One explanation for use of this system is that the paranasal sinuses share a common thin wall with the eye socket (or orbit) and cranial cavity. When performing surgery in a highly delicate region, the surgeon relies on the system to navigate the area through the identification of anatomical landmarks. The ethmoid, for example, is a facial bone located between the eyes whose upper portion lies just below the cranial cavity. According to the Cleveland Clinic, “All operations on the ethmoid sinus carry a rare chance of creating a leak of cerebral sinus fluid (CSF).” The risk of CSF leak is potentially reduced because the endoscope allows for improved visualization. Nevertheless, a CSF leak could lead to an infection, potentially resulting in meningitis.
When coding the navigation system, the surgeon’s documentation should describe the setup. Examples include:
- “The surgical navigation system was set up and found to be accurate after registration.”
- “The registration sticker for the Medtronic image guidance system was placed on the forehead. The face was registered with good correlation. Landmarks were checked with the probe, which showed satisfactory accuracy.”
- “Image guidance was placed on the patient and calibrated.”
The surgeon’s documentation should also describe the area in which the system was used. For example:
- “Surgical navigation was used to confirm the position of the lamina papyracea (i.e., medial orbital wall), skull base, and frontal recess cells.”
When an otolaryngology surgeon performs the approach of a procedure, and a neurosurgeon performs the resection on that same patient for a cranial mass or tumor, both surgeons may require the use of the navigation system.
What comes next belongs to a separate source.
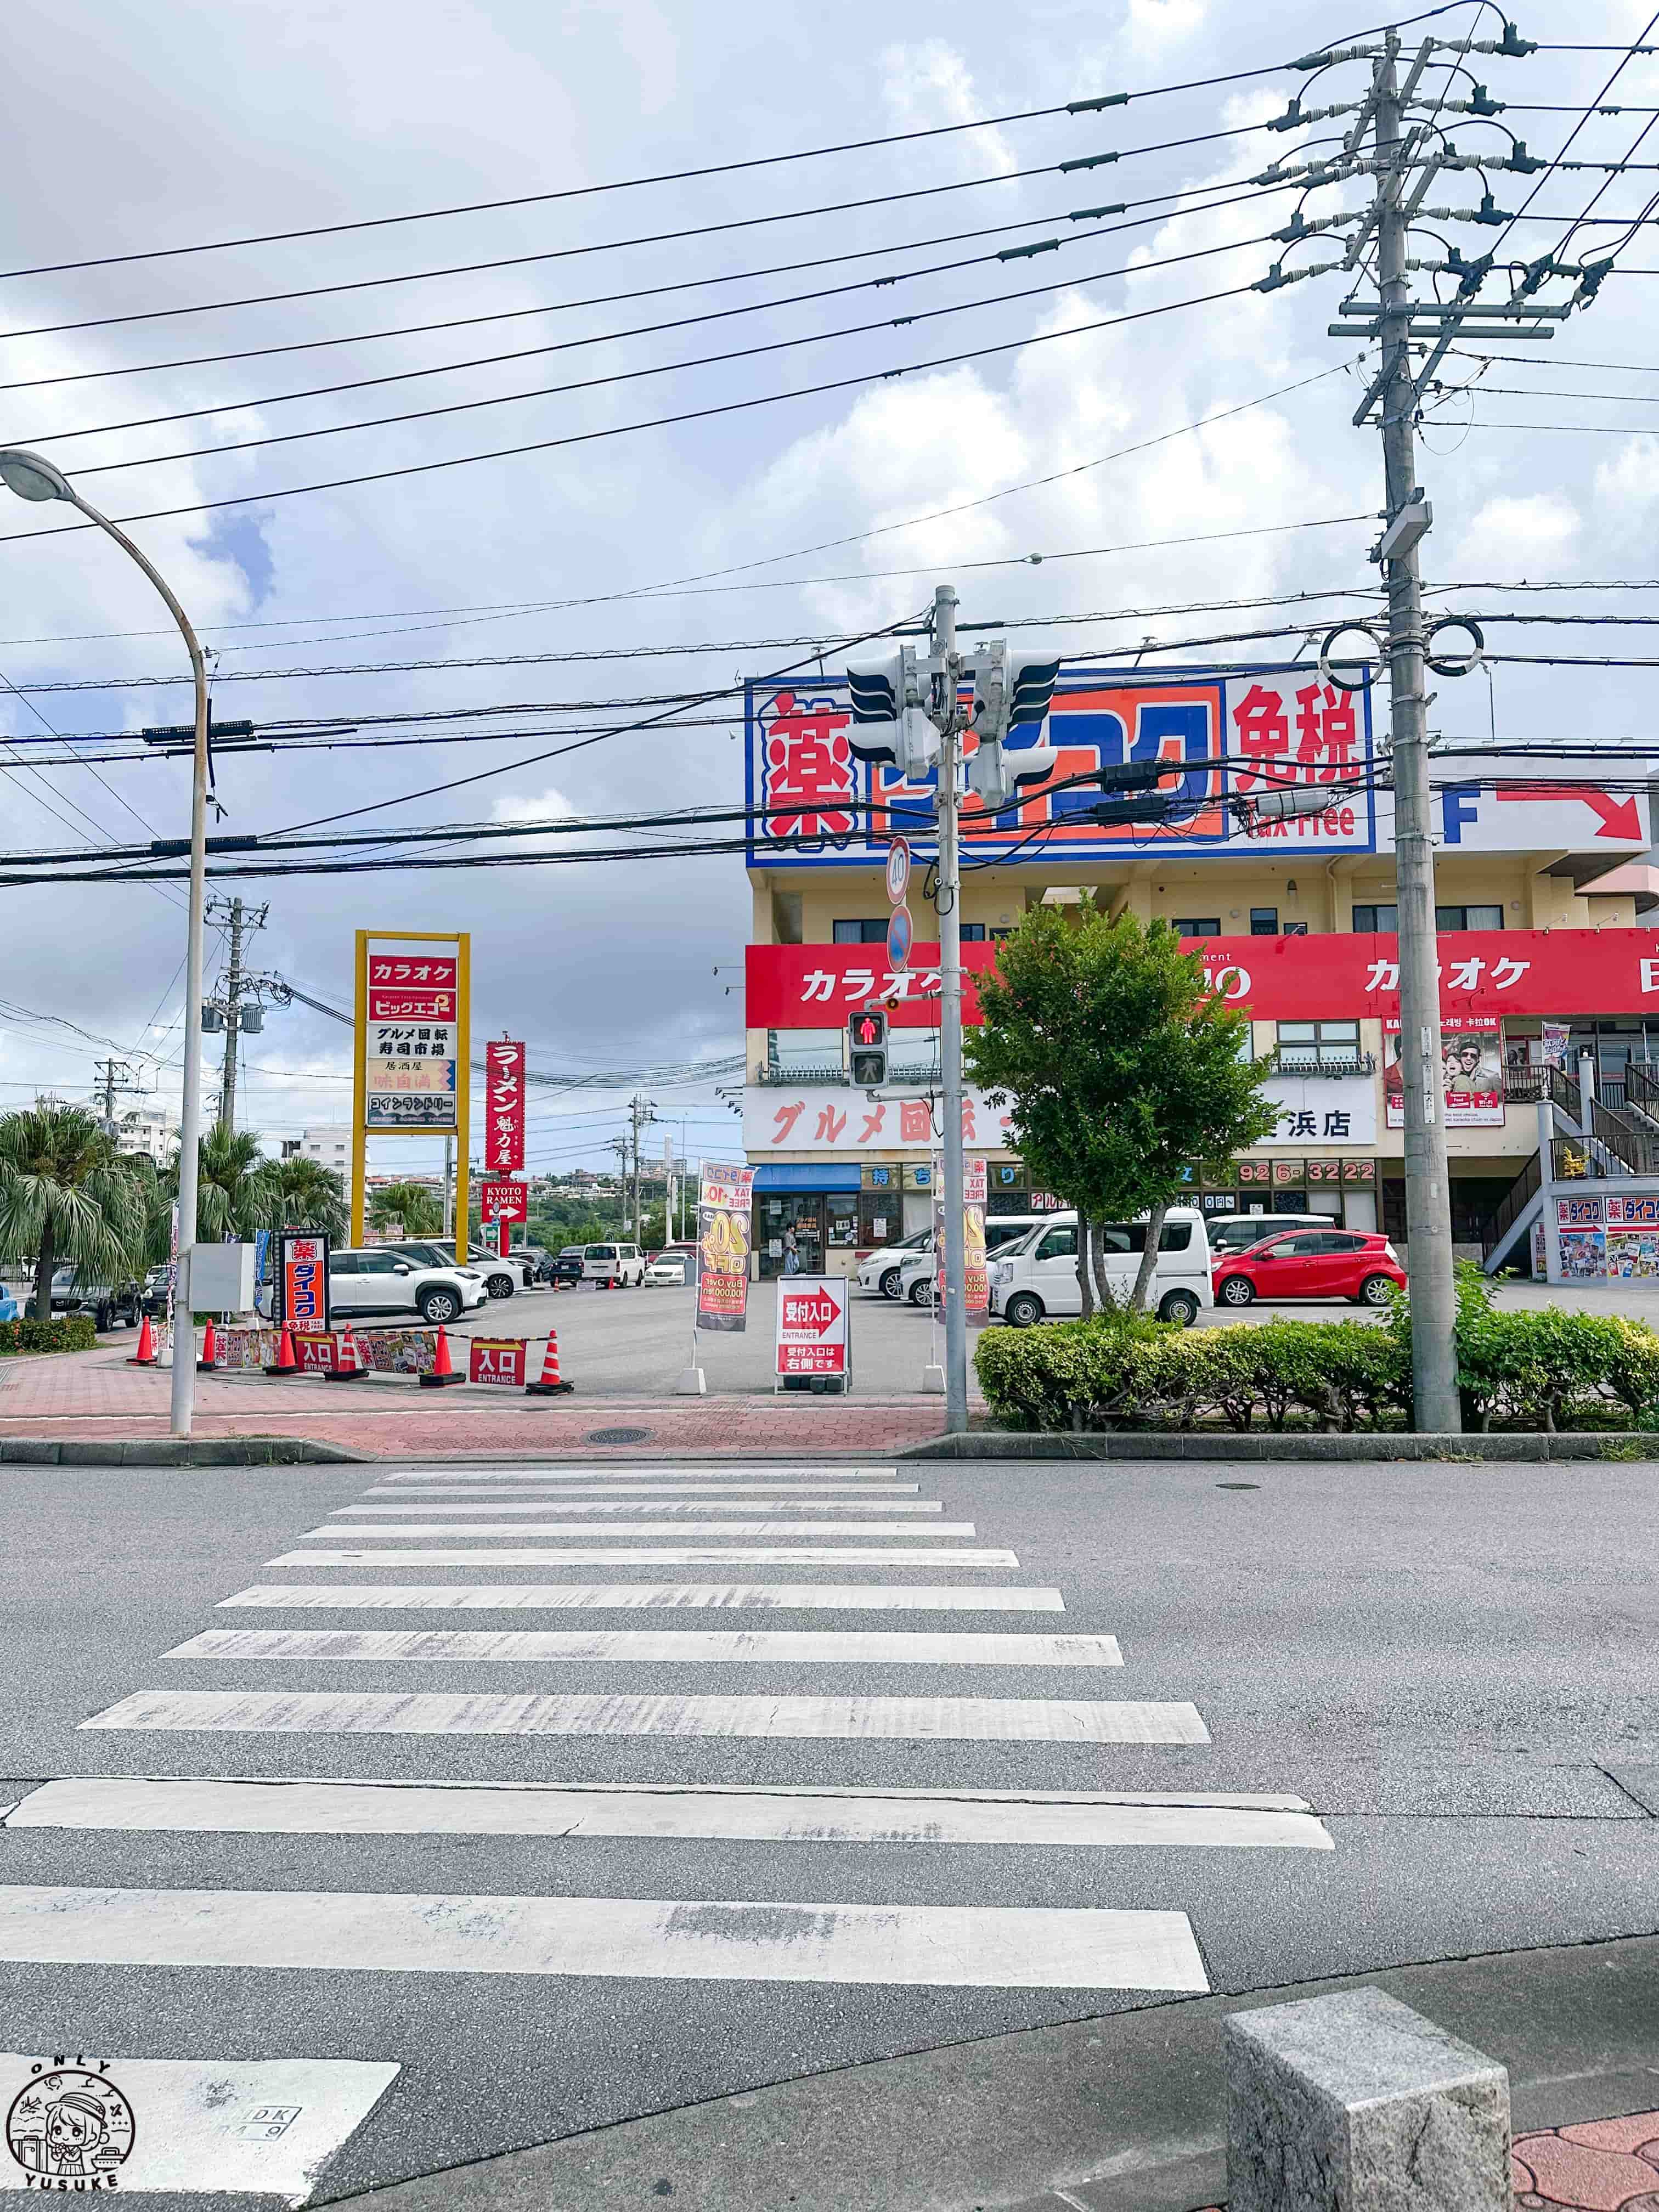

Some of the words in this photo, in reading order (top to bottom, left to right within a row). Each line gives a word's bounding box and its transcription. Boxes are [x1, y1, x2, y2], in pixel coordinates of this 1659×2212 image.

However, only one MUE is allowed per day for the navigation system, and the CPT® code does not allow for co-surgery (modifier 62). The CPT® code does, however, allow for an assistant surgeon (modifier 82) (see the Medicare Physician Fee Schedule); therefore, if the documentation supports its use, the neurosurgeon may bill for the navigation system appending modifier 82 to the CPT® code.
Additionally, when a neurosurgeon is involved, the CPT® code may be 61781 Stereotactic computer-assisted (navigational) procedure; cranial, intradural (List separately in addition to code for primary procedure) for an intradural cranial procedure, rather than 61782 (extradural). Why 61781 instead of 61782? If a neurosurgeon is involved, the surgical target may be intradural. Therefore, regardless of whether the otolaryngology surgeon’s work is performed extradural (outside the dura), the code is driven by the location of the surgical target.